The retrospective single-centre study included 110 patients (median age 69.1 years, 66.4 percent female) with a large PPU (≥20 mm) who underwent omental patch repair (n=52) or gastrectomy (n=58). About 38.2 percent of the patients presented at the institution within 24 hours from abdominal pain onset. [Eur J Trauma Emerg Surg 2019;doi:10.1007/s00068-019-01237-8]
Overall, intra-abdominal collection, reoperation, postoperative leakage, and all-cause mortality were reported in 16.4 percent, 6.4 percent, 11.8 percent, and 19.1 percent of the patients, respectively.
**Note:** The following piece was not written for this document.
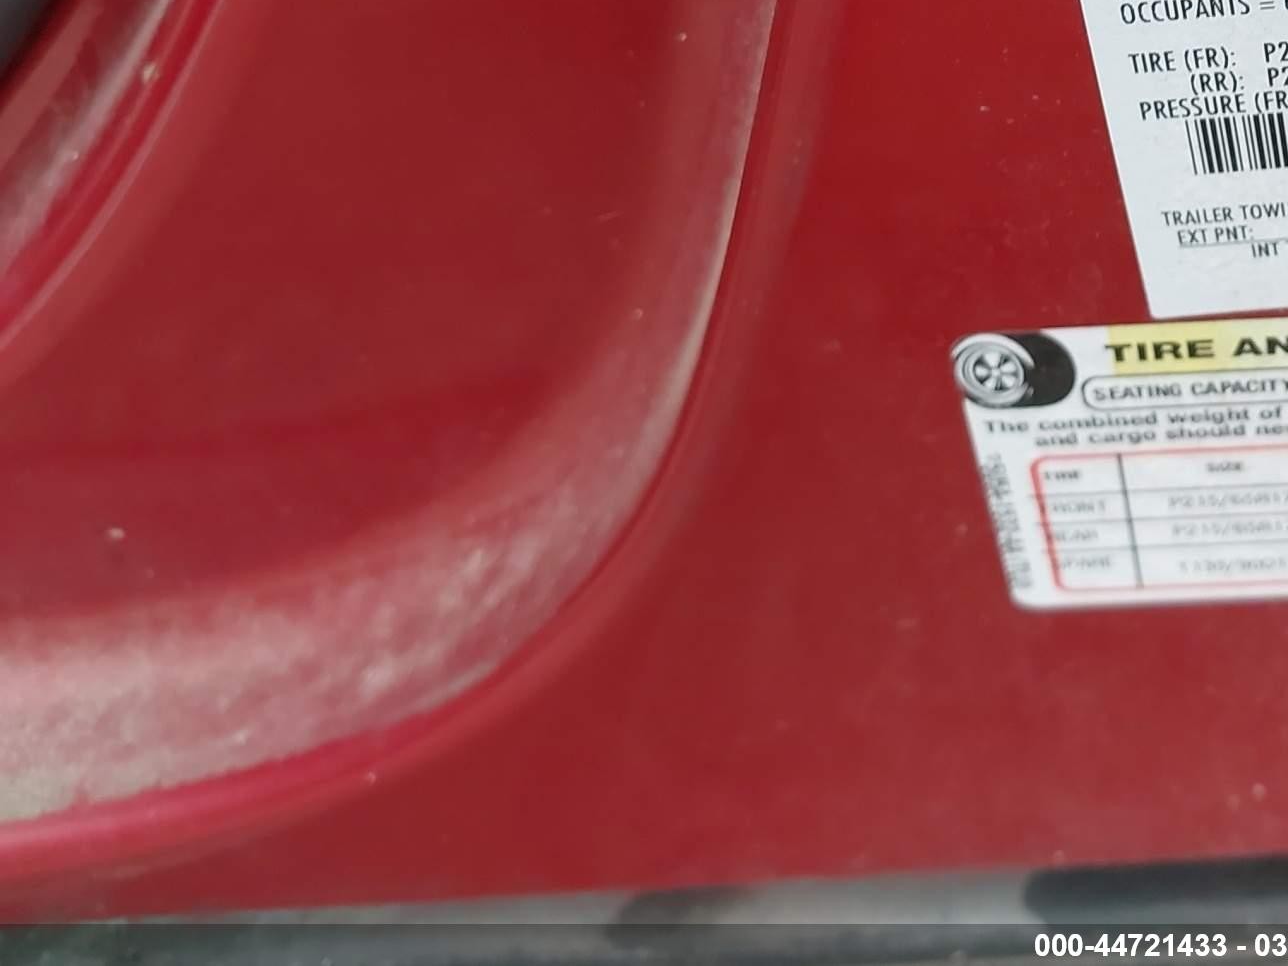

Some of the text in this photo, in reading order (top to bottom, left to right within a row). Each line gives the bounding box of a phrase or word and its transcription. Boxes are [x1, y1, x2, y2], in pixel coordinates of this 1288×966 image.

There were no significant differences between omental patch repair and gastrectomy in the perioperative outcomes: intra-abdominal collection (p=0.793), reoperation (p=0.809), postoperative leakage (p=0.813), and all-cause mortality (p=0.736).
Using prediction models, the researchers found that the risk of mortality was similarly high in both groups of patients, as reflected by the proportion of patients showing ASA class ≥3 (p=0.988), MPI ≥21 (p=0.420), PULP* score >7 (p=0.677), and Boey’s score >1 (p=0.755).
Furthermore, perioperative outcomes were also comparable between the two strategies in a subgroup of patients with giant PPUs (≥30 mm), which are typically considered to be less amenable for omental patch repair.
Similarly, there were no significant differences between the two strategies in a subgroup of patients with SIRS** criteria and/or shock, be it intra-abdominal collection (p=0.729), reoperation (p=0.522), postoperative leakage (p=0.674), or all-cause mortality (p=0.229).
“Due to the comparable perioperative outcomes in both groups of patients, we propose that the choice of surgical technique should not be dictated by conventional belief,” said Shelat and co-authors.
“Surgeon preference and expertise, anticipated risks of anastomotic leak, suspicion of malignancy, patient choices and preferences, and haemodynamic stability of patients should be used as a guide to make clinical decision,” they added.
The researchers also advised that clinicians should discuss on the potential risks and benefits of each intervention with their patients if time allows such that patients understand the options available.
“It is possible that though gastric resection reduces the potential suture line leak risk, resection surgery itself comes with its own set of risks and this effect balances any potential benefit,” said the researchers.
As this is a retrospective single-centre study and the sample size was small, the researchers suggested that prospective multicentre randomized studies be conducted in the future to validate the results.